Treat everybody in a professional manner - even friends and family. Many times people have started "just talking" and got around to talking business. Now if I'd started out talking about plowing (or other business matters) in a flippant manner, it would be difficult for them to start taking me seriously. On the subject of friends and family, spell it out from the beginning if you intend to be paid for services rendered or are doing as a friend/family member. I believe in either charging full rate or not at all. If you charge less, you may see it as doing them a favor, but they may also see it as them doing you a favor (giving you their business).

Be prepared. Have your equipment in working order at all times. Check and service everything on regular basis. Keep the fuel tank full. Check the oil more often than usual. Carry warm clothes (including socks and boots) in the truck. Carry a cell phone or means to call for help. Carry some snacks. Carry repair parts (hoses, hydraulic fluid) and shovel. 

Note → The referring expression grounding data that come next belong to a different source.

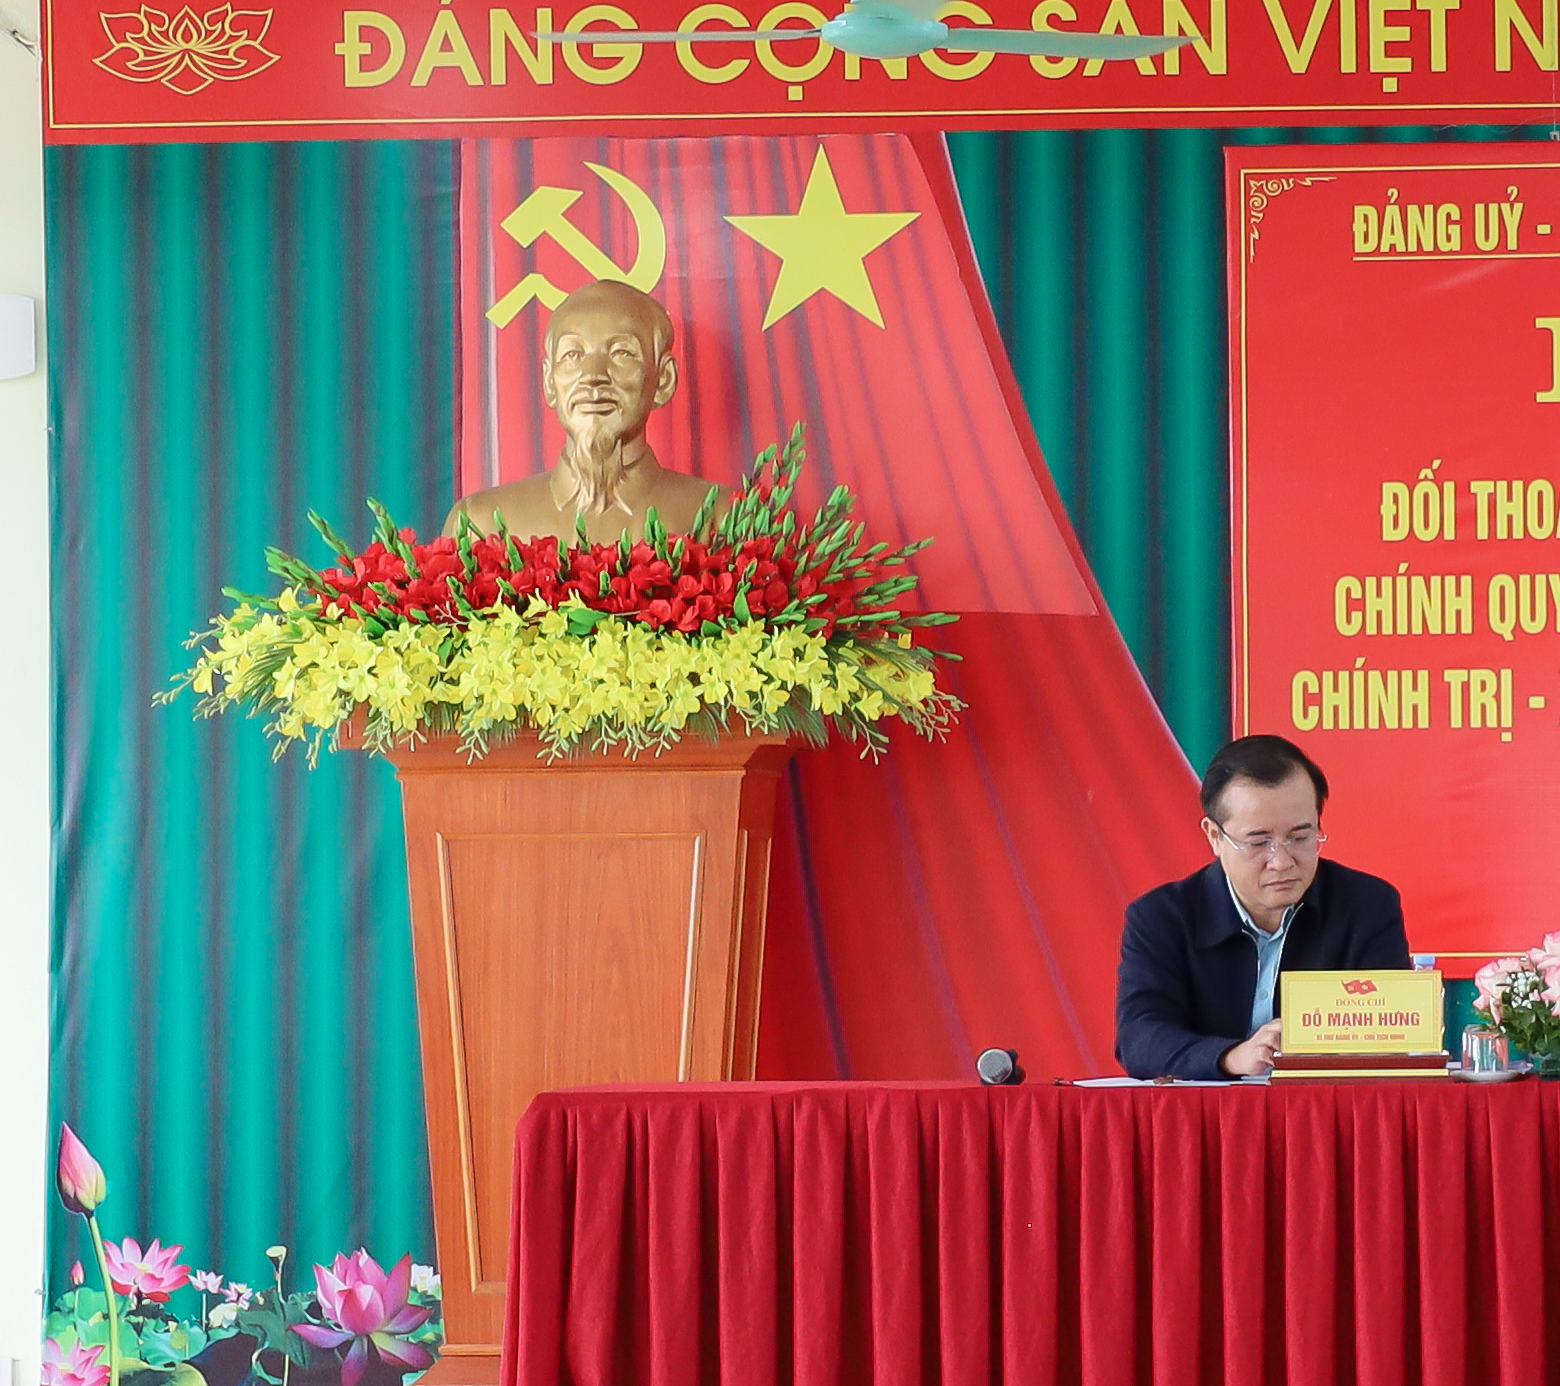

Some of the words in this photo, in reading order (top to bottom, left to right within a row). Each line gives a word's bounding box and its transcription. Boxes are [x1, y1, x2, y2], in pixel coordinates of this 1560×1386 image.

[1352, 188, 1460, 252] ĐẢNG
[1475, 185, 1523, 251] UỶ
[1538, 225, 1551, 234] -
[1381, 460, 1455, 541] ĐỐI
[1335, 563, 1472, 636] CHÍNH
[1292, 658, 1428, 730] CHÍNH
[1444, 669, 1512, 741] TRỊ
[1529, 696, 1544, 708] -
[1328, 1013, 1373, 1030] MẠNH
[1378, 1011, 1420, 1026] HƯNG

Don't get hung up on pricing. If you're a little low or high, you'll be able to figure it out as you go (you won't get any jobs or all of them). Avoid long-term contracts for the first year or so.


----------



## Vaughn Schultz (Nov 18, 2004)

So true :salute:


----------



## Tarkus (Nov 19, 2004)

And "if" you make a mistake and damage something, own it early on and make it right and do not try to hide it as reputation can make or break you whether just starting out or a seasoned pro.


----------



## lewdo (Dec 8, 2004)

Wow! Thanks for all the good ideas! I appreciate the quick responses.


----------